Born August 13, 1883 in Gibbon, Nebraska, Edwin H. Sutherland grew up and studied in Ottawa, Kansas, and Grand Island, Nebraska. After receiving his B.A degree from Grand Island College in 1904, he taught Latin, Greek, History, and shorthand for two years at Sioux Falls College in South Dakota. In 1906 he left Sioux Falls College and entered graduate school at the University of Chicago from which he received his doctorate. (Gaylord, 1988:7-12) While attending the University of Chicago he changed his major from history to sociology. Much of his study was influenced by the Chicago approach to the study of crime that emphasized human behavior as determined by social and physical environmental factors, rather than genetic or personal characteristics. (Gaylord, 1988:7-12)

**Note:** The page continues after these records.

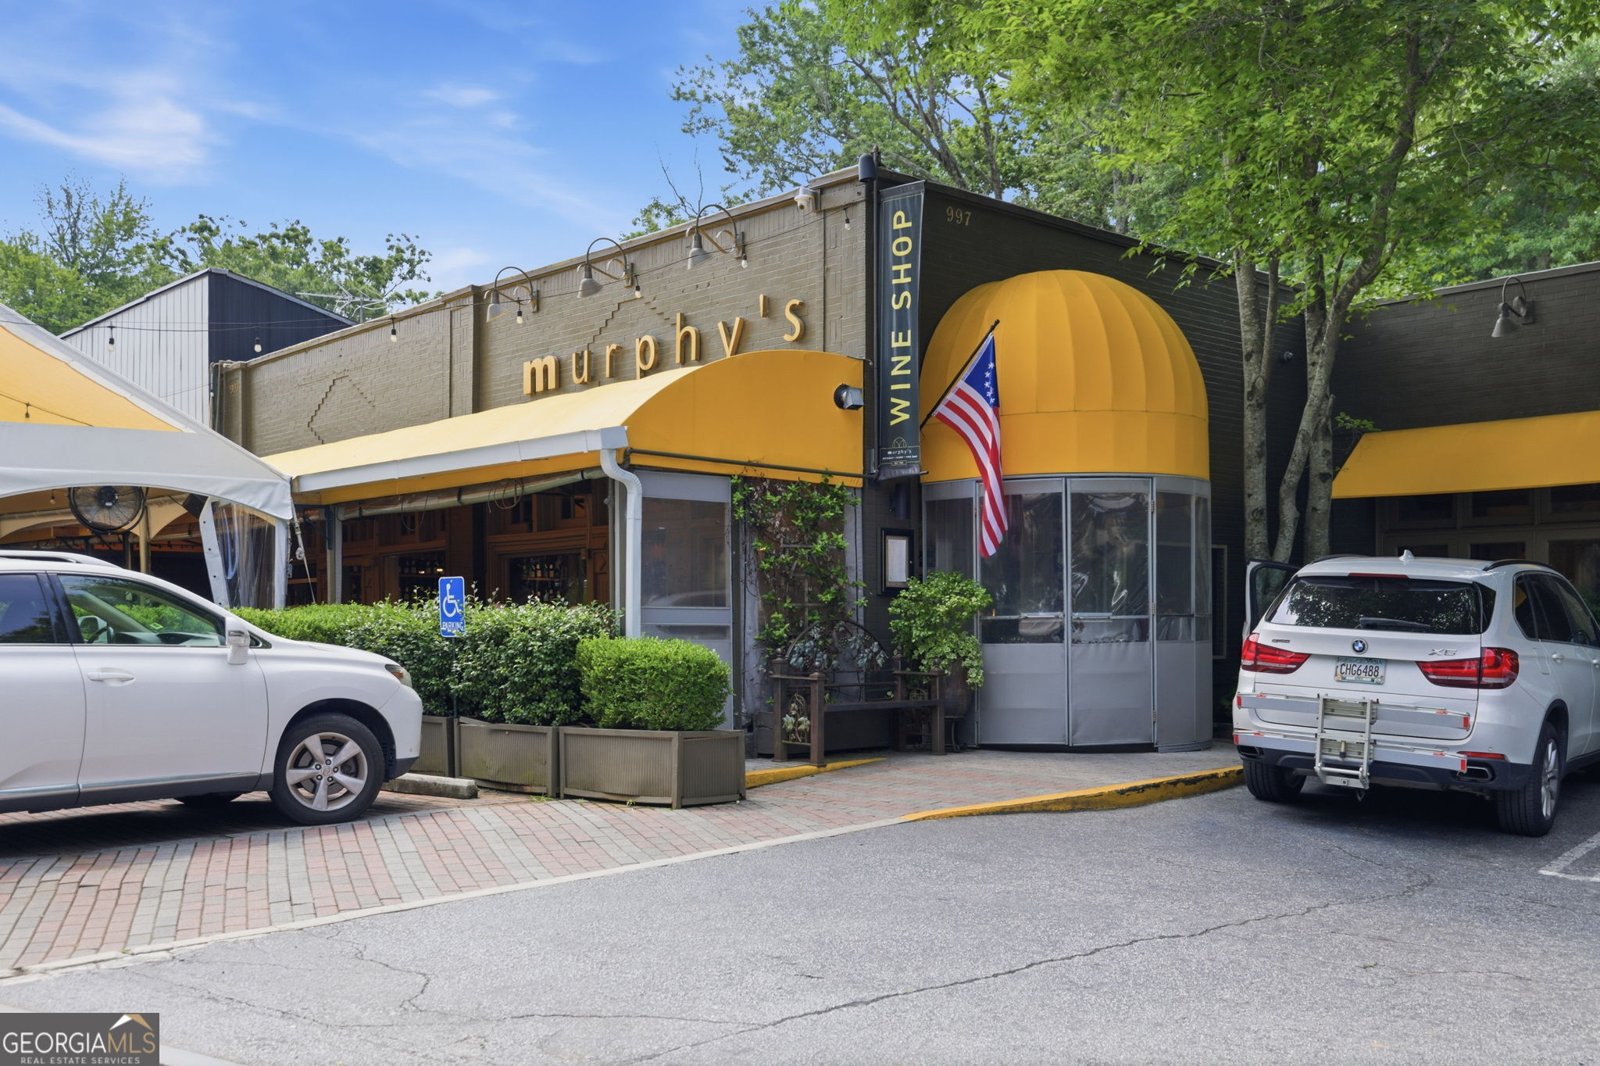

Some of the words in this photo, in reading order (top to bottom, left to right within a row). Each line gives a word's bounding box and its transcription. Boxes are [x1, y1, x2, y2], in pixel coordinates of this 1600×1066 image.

[891, 210, 913, 310] SHOP
[946, 206, 972, 226] 997
[523, 294, 804, 395] murphy's
[889, 329, 912, 426] WINE
[1340, 663, 1380, 678] CHG6488
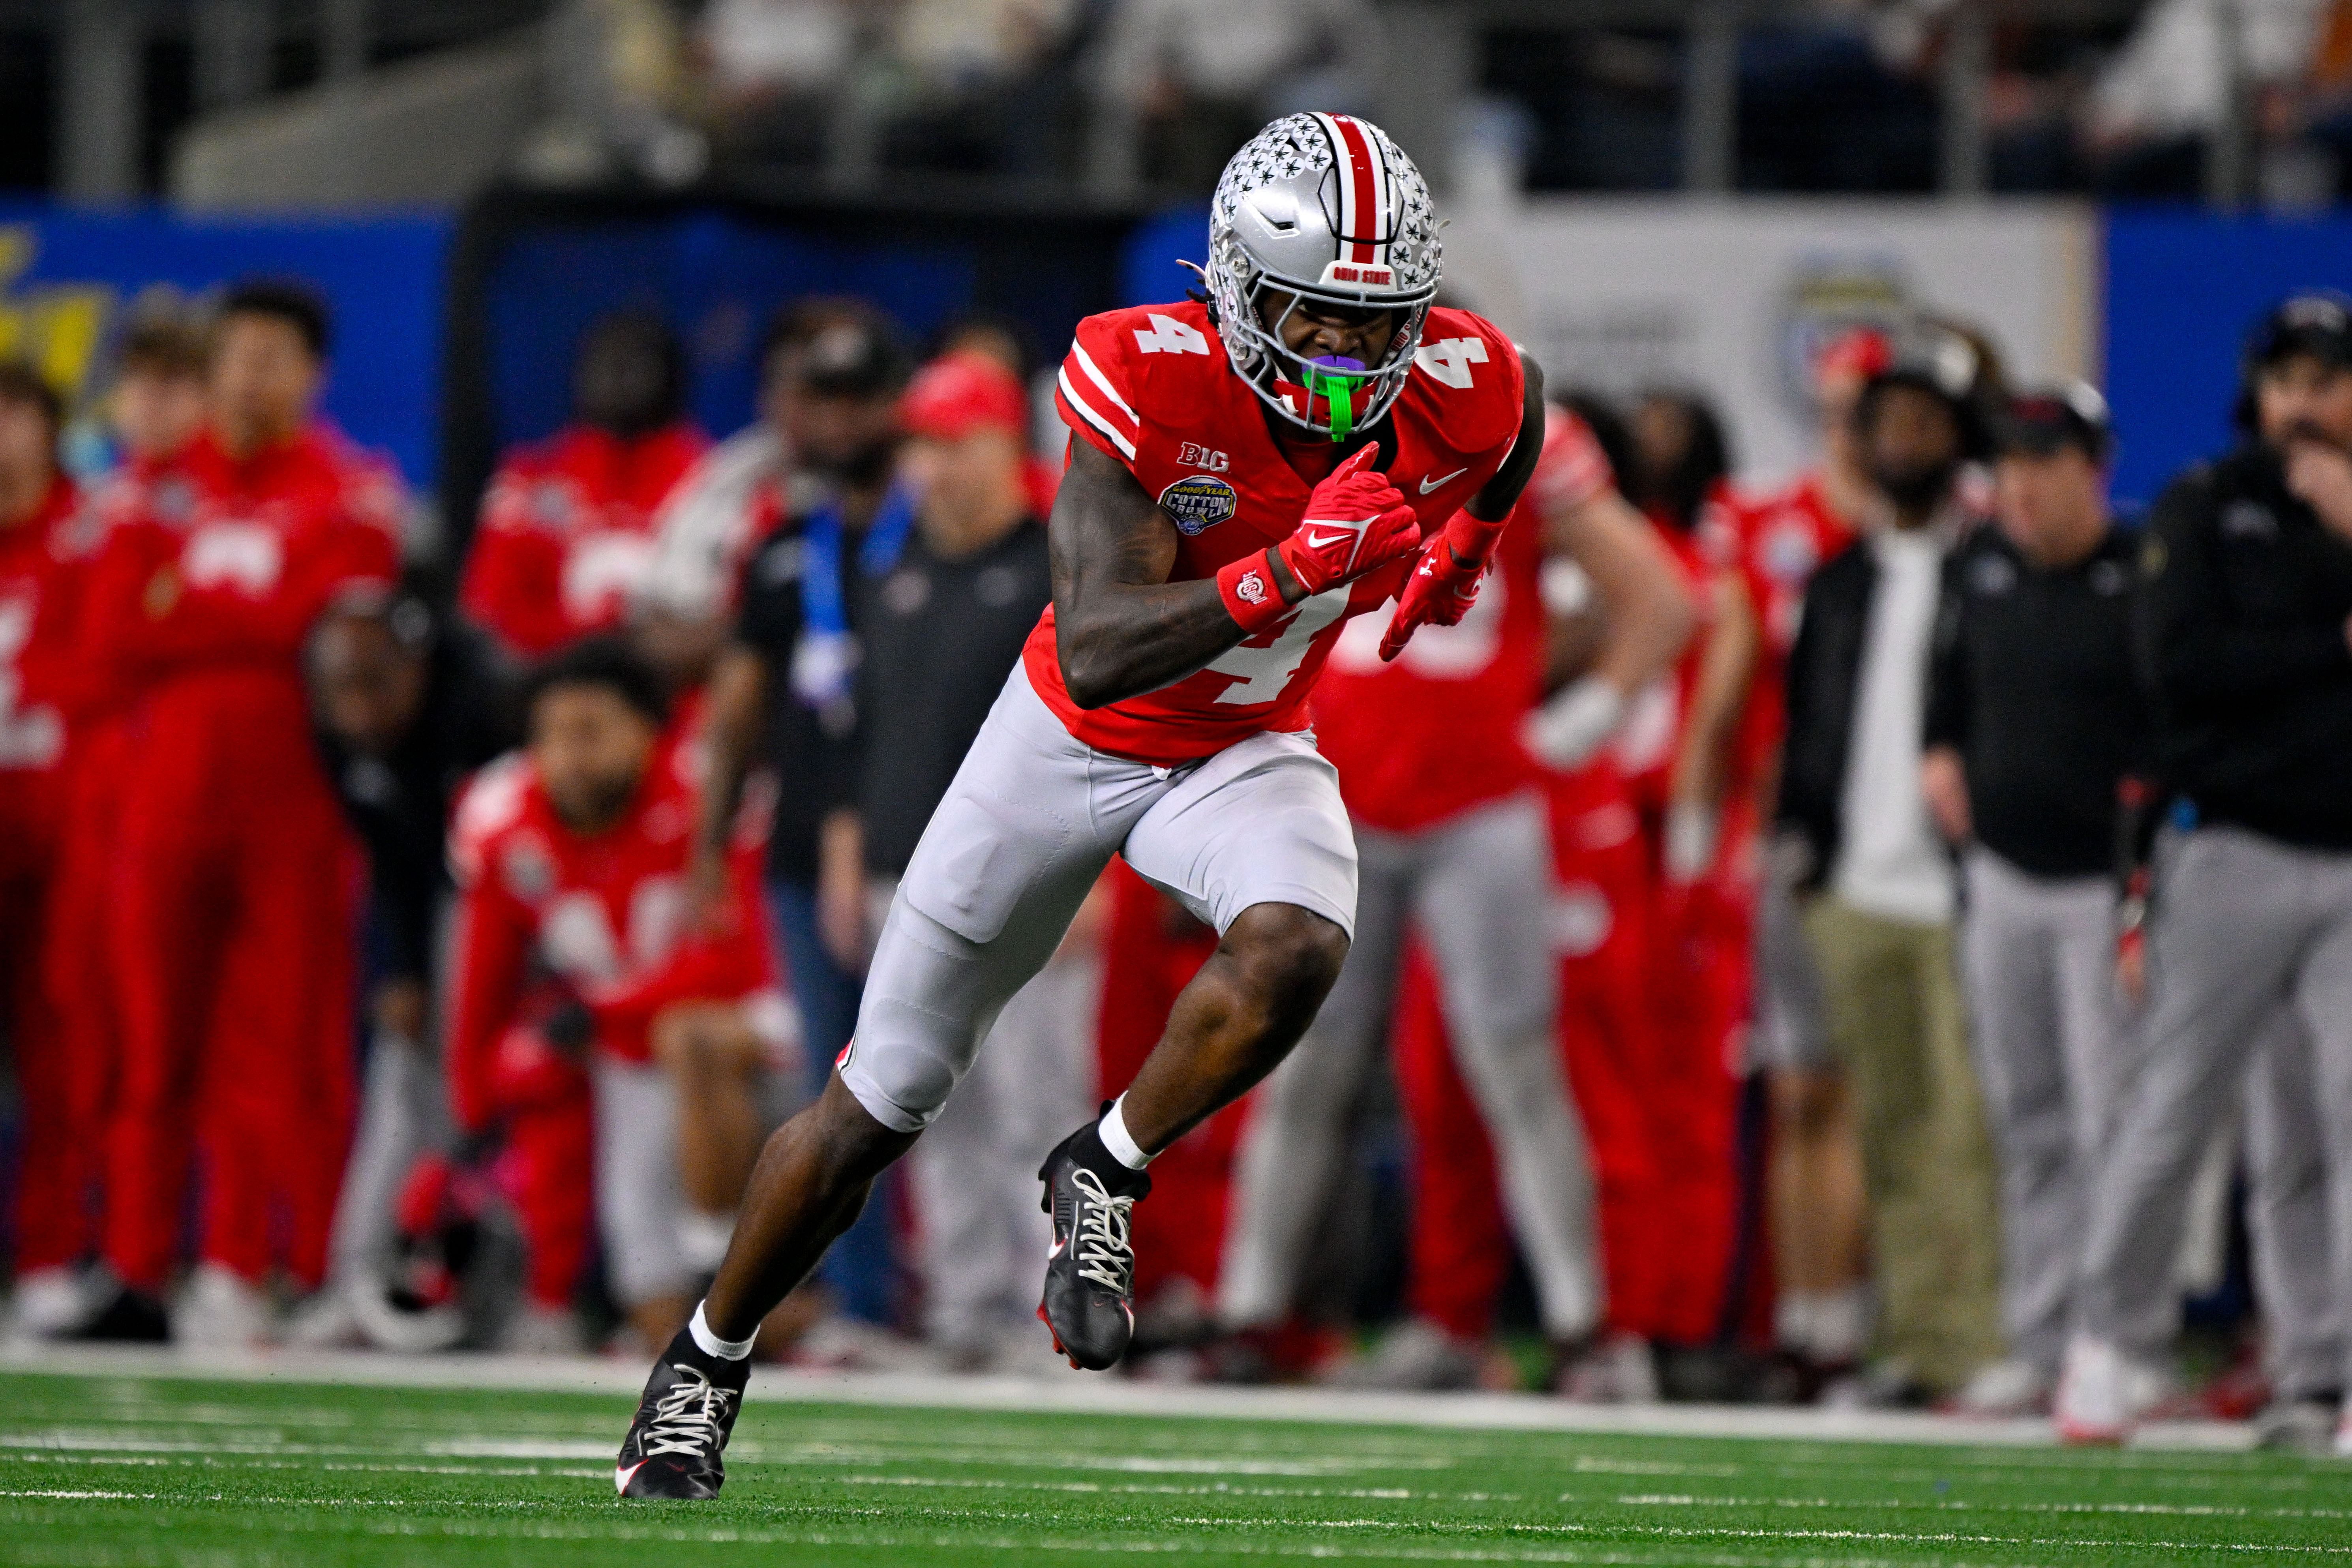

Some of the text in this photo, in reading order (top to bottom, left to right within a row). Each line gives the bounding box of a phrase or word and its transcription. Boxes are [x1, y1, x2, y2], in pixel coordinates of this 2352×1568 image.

With his studies completed he began work at the University of Minnesota from 1926 to 1929 where his reputation as a leading criminologist was enhanced. At this time, his focus became sociology as a scientific enterprise whose goal was the understanding and control of social problems, including crime. (Gaylord, 1988:13) After his time at Minnesota he moved to Indiana University and founded the Bloomington School of Criminology at Indiana University. While at Indiana, he published 3 books, including Twenty Thousand Homeless Men (1936), The Professional Thief (1937), and the third edition of Principles of Criminology (1939). Finally in 1939 he was elected president of the American Sociological Society, and in 1940 was elected president of the Sociological Research Association.

Similar in importance to strain theory and social control theory, Differential Association theory was Sutherland's major sociological contribution to criminology; . These theories all explain deviance in terms of the individual's social relationships.

By attributing the cause of crime to the social context of individuals, Differential Association departs from the pathological perspective and biological perspective. "He rejected biological determinism and the extreme individualism of psychiatry, as well as economic explanations of crime. His search for an alternative understanding of crime led to the development of Differential Association theory. In contrast to both classical and biological theories, Differential Association theory poses no obvious threats to the humane treatment of those identified as criminals."(Gaylord, 1988:1)

The principle of differential association asserts that criminal behavior emerges when one is exposed to more social message favoring conduct than pro-social messages. (Sutherland, 1947)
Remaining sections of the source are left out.